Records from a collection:
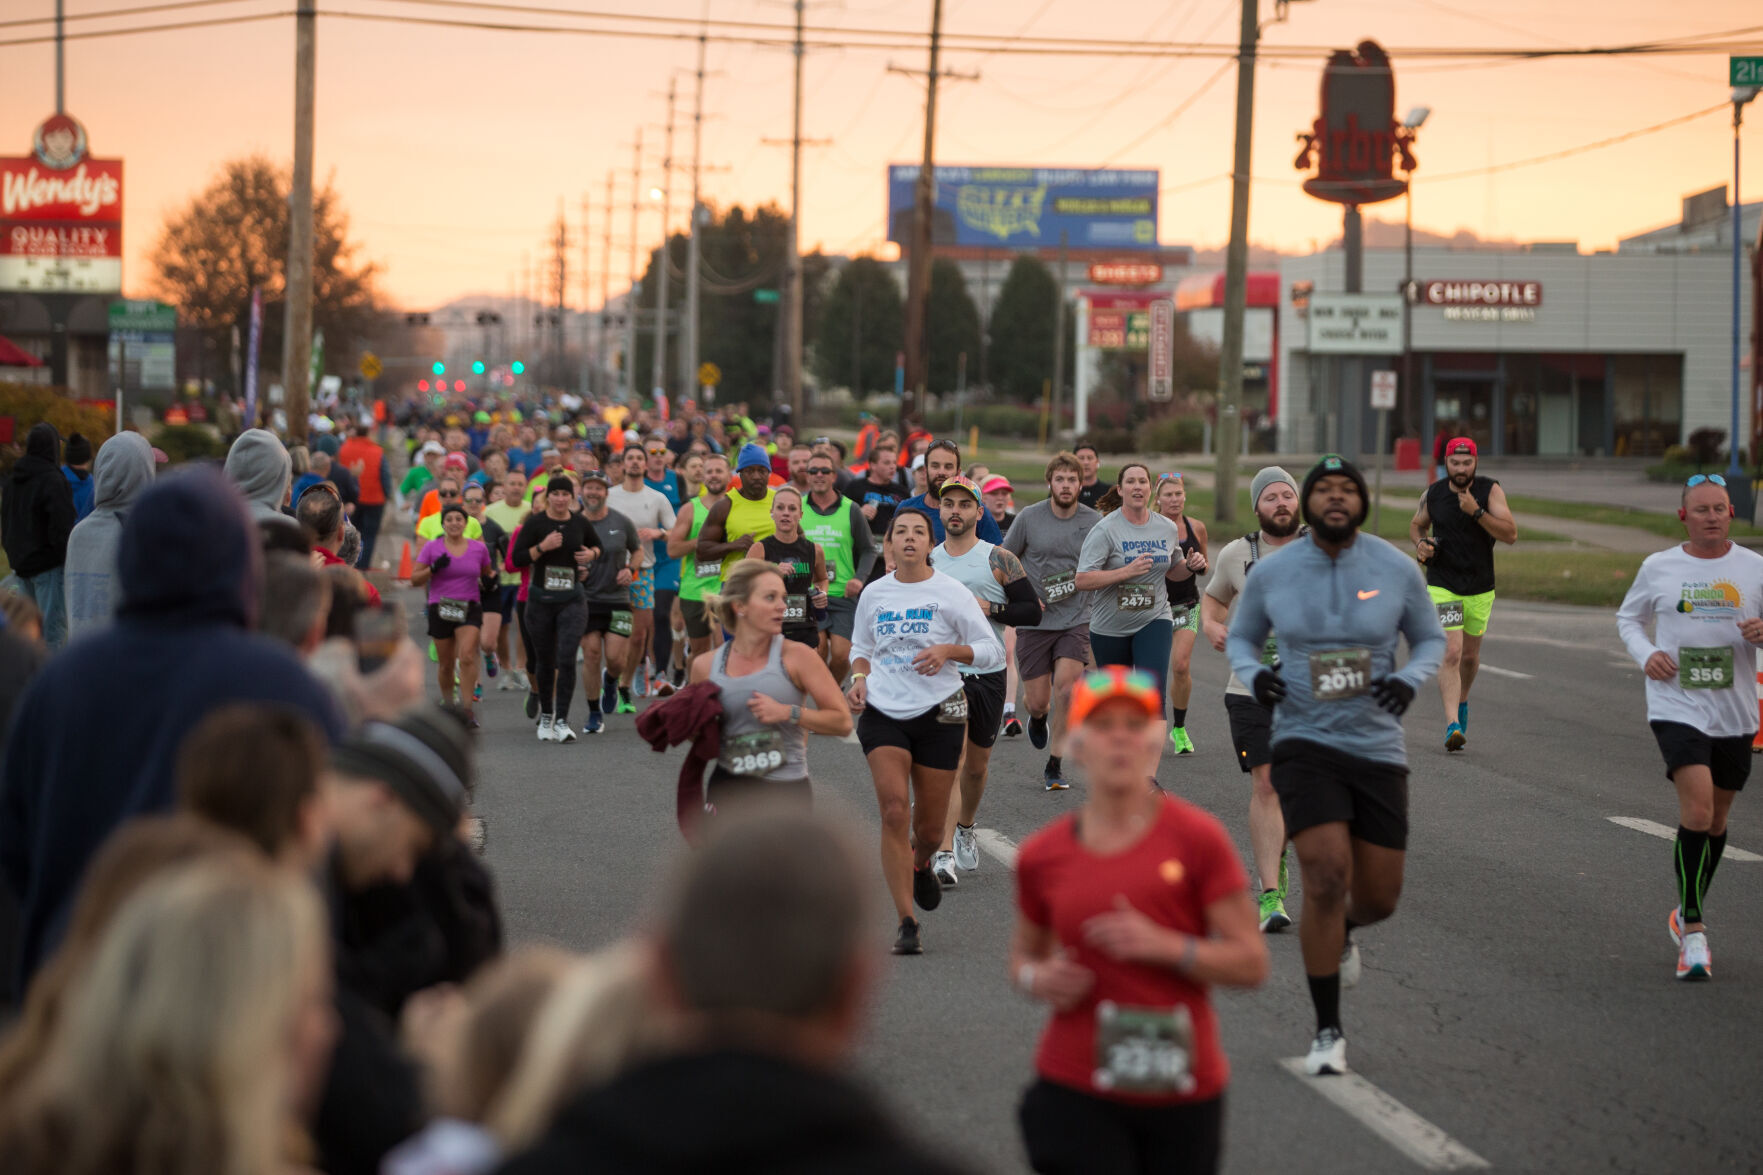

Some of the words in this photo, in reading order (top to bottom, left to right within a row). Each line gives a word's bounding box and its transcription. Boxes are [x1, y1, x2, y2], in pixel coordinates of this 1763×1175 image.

[3, 164, 118, 216] Wendy's
[11, 226, 108, 244] QUALITY
[1428, 282, 1538, 304] CHIPOTLE
[1122, 540, 1168, 552] ROCKVALE
[547, 577, 572, 588] 2872
[1048, 582, 1075, 598] 2510
[1121, 596, 1152, 607] 2475
[1682, 589, 1724, 600] FLORIDA
[877, 611, 904, 623] WILL
[905, 607, 934, 621] RUN
[1440, 612, 1463, 624] 2001
[877, 623, 896, 637] FOR
[900, 621, 930, 634] CATS
[1318, 670, 1364, 691] 2011
[1689, 667, 1724, 682] 356
[732, 749, 782, 775] 2869
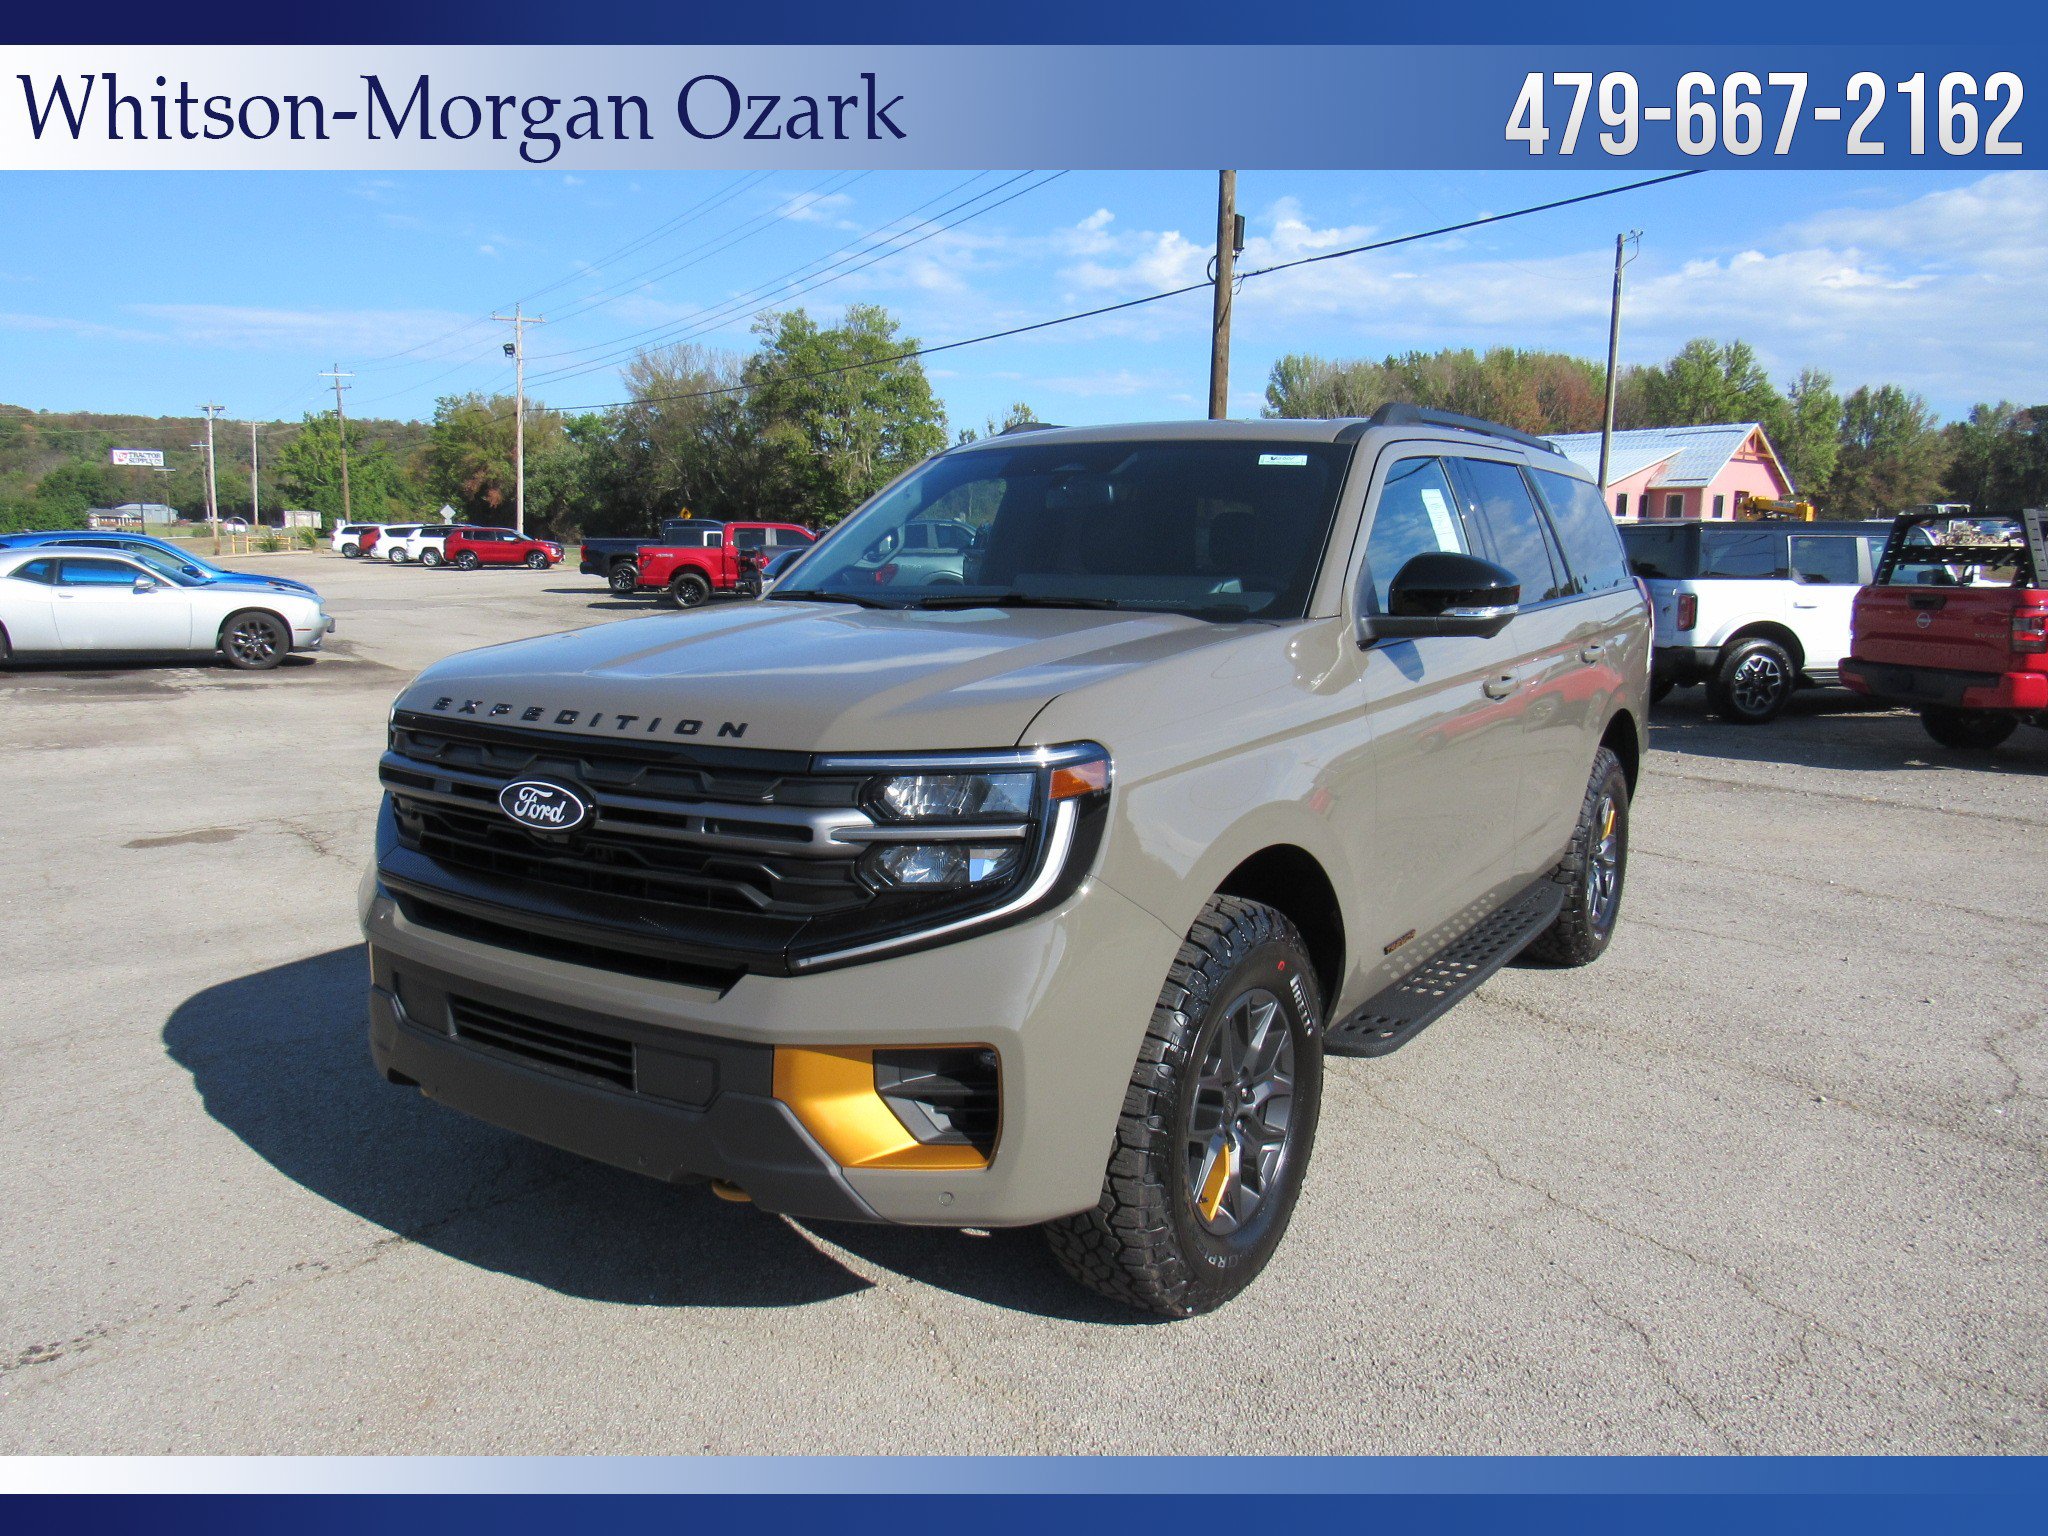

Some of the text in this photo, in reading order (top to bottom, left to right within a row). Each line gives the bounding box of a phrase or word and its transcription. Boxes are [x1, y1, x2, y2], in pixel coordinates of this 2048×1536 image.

[128, 451, 162, 459] TRACTOR
[432, 696, 750, 739] EXPEDITION
[514, 786, 567, 824] Ford

ABOUT THIS TASK ::
Each line in the records above should be reproduced exactly; images are not copied.

WRITTEN ANSWER ::
Some of the words in this photo, in reading order (top to bottom, left to right within a row). Each line gives a word's bounding box and its transcription. Boxes are [x1, y1, x2, y2], in pixel coordinates of this 1763×1175 image.

[3, 164, 118, 216] Wendy's
[11, 226, 108, 244] QUALITY
[1428, 282, 1538, 304] CHIPOTLE
[1122, 540, 1168, 552] ROCKVALE
[547, 577, 572, 588] 2872
[1048, 582, 1075, 598] 2510
[1121, 596, 1152, 607] 2475
[1682, 589, 1724, 600] FLORIDA
[877, 611, 904, 623] WILL
[905, 607, 934, 621] RUN
[1440, 612, 1463, 624] 2001
[877, 623, 896, 637] FOR
[900, 621, 930, 634] CATS
[1318, 670, 1364, 691] 2011
[1689, 667, 1724, 682] 356
[732, 749, 782, 775] 2869

Some of the text in this photo, in reading order (top to bottom, left to right within a row). Each line gives the bounding box of a phrase or word and its transcription. Boxes are [x1, y1, x2, y2], in pixel coordinates of this 2048×1536 image.

[128, 451, 162, 459] TRACTOR
[432, 696, 750, 739] EXPEDITION
[514, 786, 567, 824] Ford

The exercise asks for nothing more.